:: Images for object localization ::
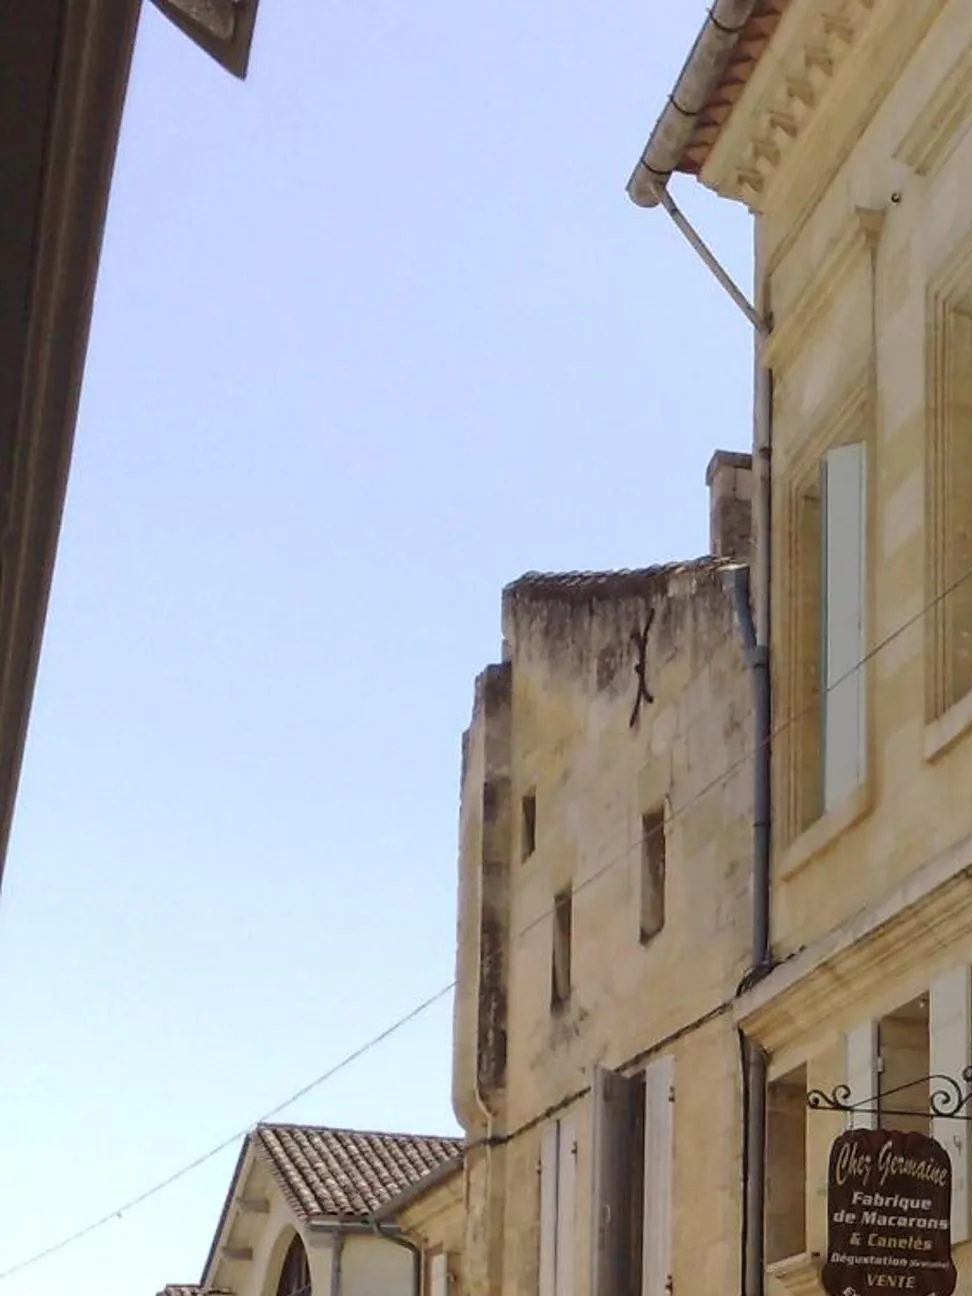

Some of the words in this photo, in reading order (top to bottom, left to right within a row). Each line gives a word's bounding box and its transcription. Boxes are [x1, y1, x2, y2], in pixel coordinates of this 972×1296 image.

[836, 1141, 872, 1187] Chez
[878, 1139, 949, 1187] Germaine
[851, 1191, 932, 1212] Fabrique
[833, 1210, 857, 1224] de
[861, 1211, 949, 1230] Macarons
[850, 1232, 862, 1245] &
[831, 1252, 908, 1267] Dégustation
[867, 1273, 917, 1289] VENTE

:: TASK OBJECTIVE ::
Please copy the lines above exactly as written, apart from any pictures.

:: SOLUTION TO THIS TASK ::
Some of the words in this photo, in reading order (top to bottom, left to right within a row). Each line gives a word's bounding box and its transcription. Boxes are [x1, y1, x2, y2], in pixel coordinates of this 972×1296 image.

[836, 1141, 872, 1187] Chez
[878, 1139, 949, 1187] Germaine
[851, 1191, 932, 1212] Fabrique
[833, 1210, 857, 1224] de
[861, 1211, 949, 1230] Macarons
[850, 1232, 862, 1245] &
[831, 1252, 908, 1267] Dégustation
[867, 1273, 917, 1289] VENTE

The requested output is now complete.